If Australian economist Steve Keen’s book, Debunking Economics, doesn’t end, once and for all, the terminally convoluted discourse that afflicts mainstream economics, nothing will. Although the book’s purpose is to show that neoclassical economics is all bunk, however, it is also, remarkably, as good an introduction to neoclassical economics as any you’re likely to find.
Unlike textbooks that introduce economic models with terse statements of assumptions like “marginal cost is increasing” and simple examples to illustrate them, Keen’s book takes these assumptions apart, discusses why they are often incorrect, and explains why such errors matter a great deal. In an ordinary economics textbook, assumptions are advanced uncritically, or with an example illustrating why they are true – but never explaining how far from universally true these assumptions really are.
For instance, a typical assumption that economists take for granted but Keen exposes is “that the perfectly competitive firm is so small, relative to the overall market, that its impact on the market can be treated as zero.” But Keen expresses a thought that may glimmer in the mind of a student at this point: “infinitesimals ain’t zero.” Somehow, in the economic models, the zeros add up to an aggregate impact that is much greater than zero. Major conclusions are drawn in economic theory from both of these contradictory assumptions.

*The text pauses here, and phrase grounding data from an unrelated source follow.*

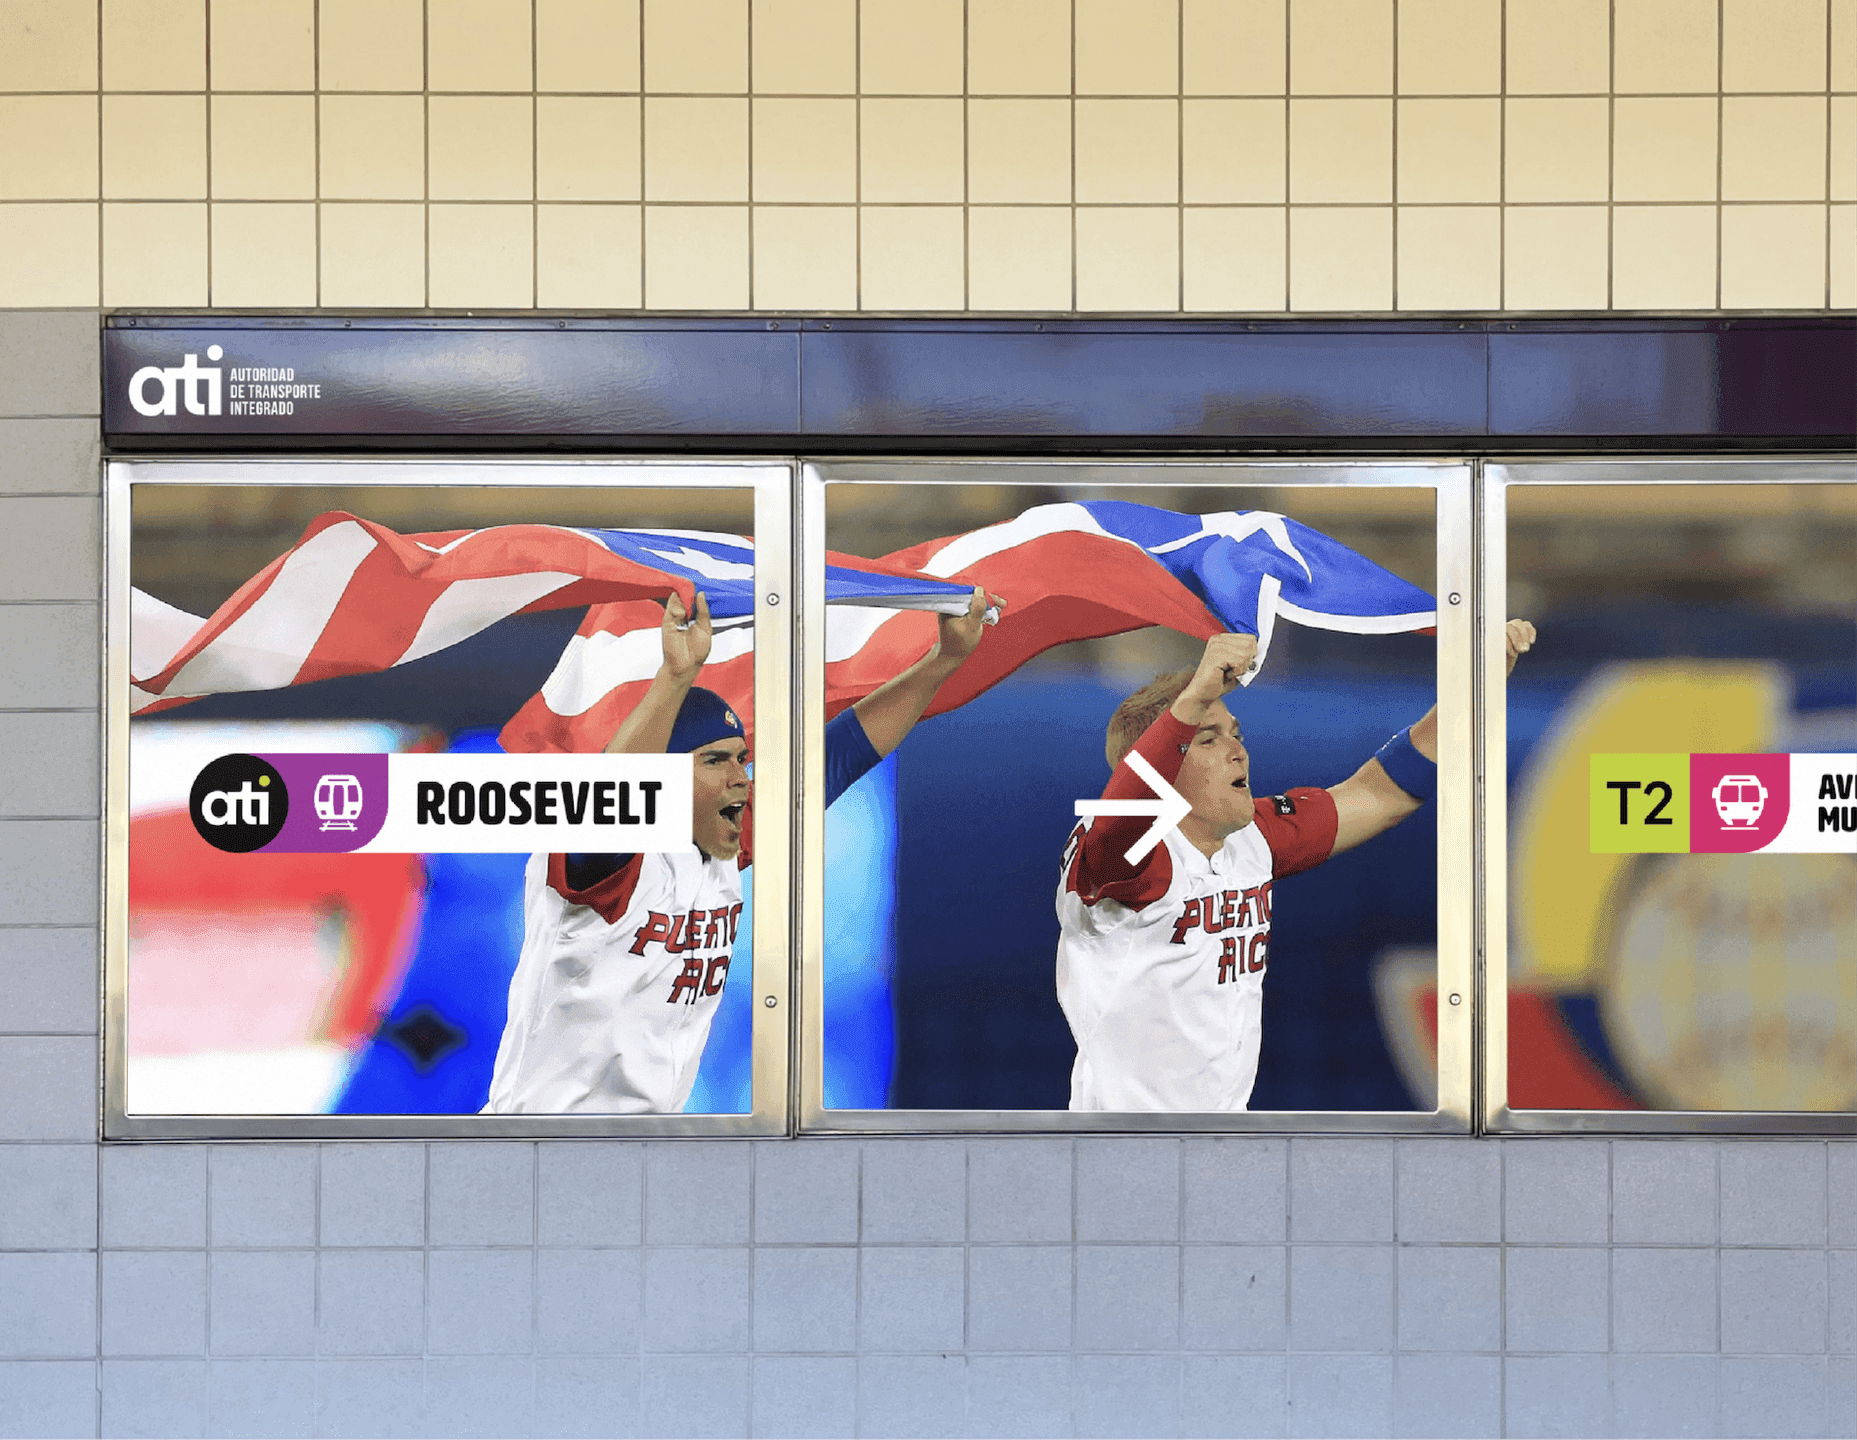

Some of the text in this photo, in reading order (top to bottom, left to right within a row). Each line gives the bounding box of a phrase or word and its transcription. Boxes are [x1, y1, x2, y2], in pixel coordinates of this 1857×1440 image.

[128, 344, 224, 417] ati
[229, 367, 295, 382] AUTORIDAD
[230, 384, 321, 399] DE TRANSPORTE
[229, 401, 294, 416] INTEGRADO
[201, 775, 271, 826] ati
[417, 781, 663, 826] ROOSEVELT
[1606, 780, 1673, 825] T2
[1818, 774, 1857, 800] AV
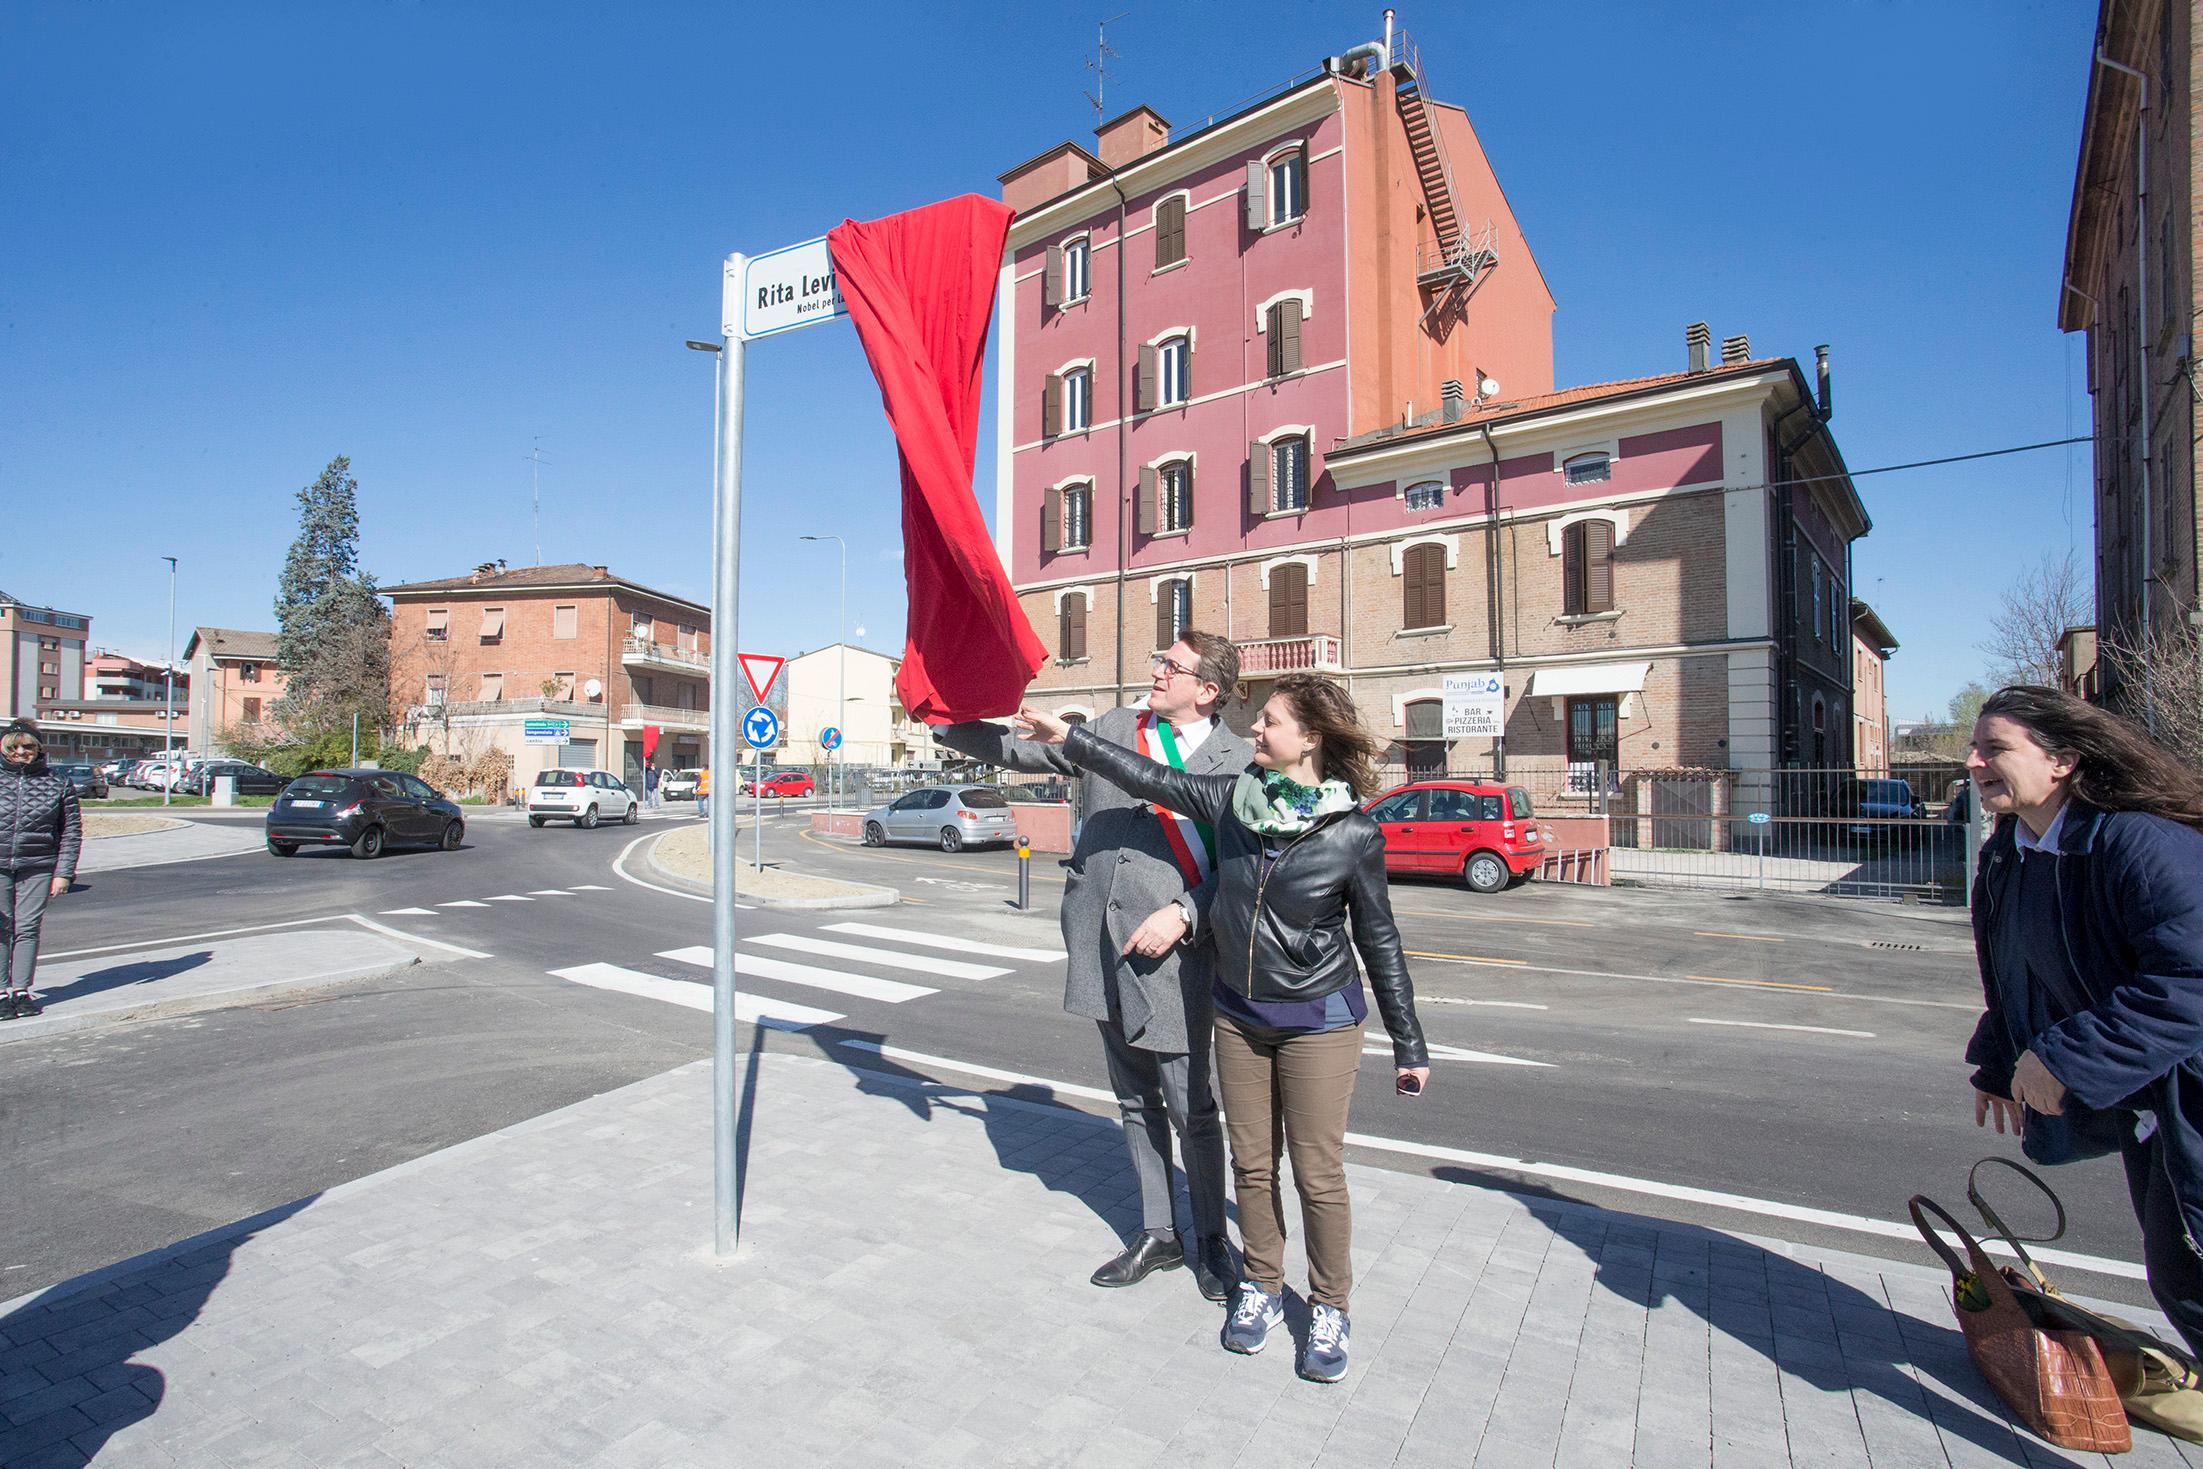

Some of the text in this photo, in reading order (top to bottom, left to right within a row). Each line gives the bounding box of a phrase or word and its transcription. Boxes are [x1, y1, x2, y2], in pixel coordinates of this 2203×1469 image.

[758, 267, 836, 309] Rita Levi
[797, 299, 820, 314] Nobel
[822, 298, 835, 309] per
[1446, 678, 1485, 691] Punjab
[1464, 708, 1482, 716] BAR
[1454, 716, 1491, 725] PIZZERIA
[1447, 725, 1498, 734] RISTORANTE

This kind of thing leaves economics students wondering if they have missed something; perhaps there was a prerequisite they haven’t studied, or perhaps something was said in class that everybody else heard, except them. The fact that there are many exceptions to the assumptions – indeed, that they are more honored in the breach than in the observance – is obscured in footnotes or abstruse disclaimers. Learners are left wondering, why can we even call this a “rule”?
The problem, of course, is that like white lies, the near-truths and untruths compound until after a while the whole edifice is on shaky ground. Let me propose a slight rewording of Sir Walter Scott’s famous line: “Oh what a tangled web we weave, when first we practice to assume.” That tangled web is the structure of contemporary economics. As Keen says, “If you believe you can use unreality to model reality, then eventually your grip on reality itself can become tenuous.”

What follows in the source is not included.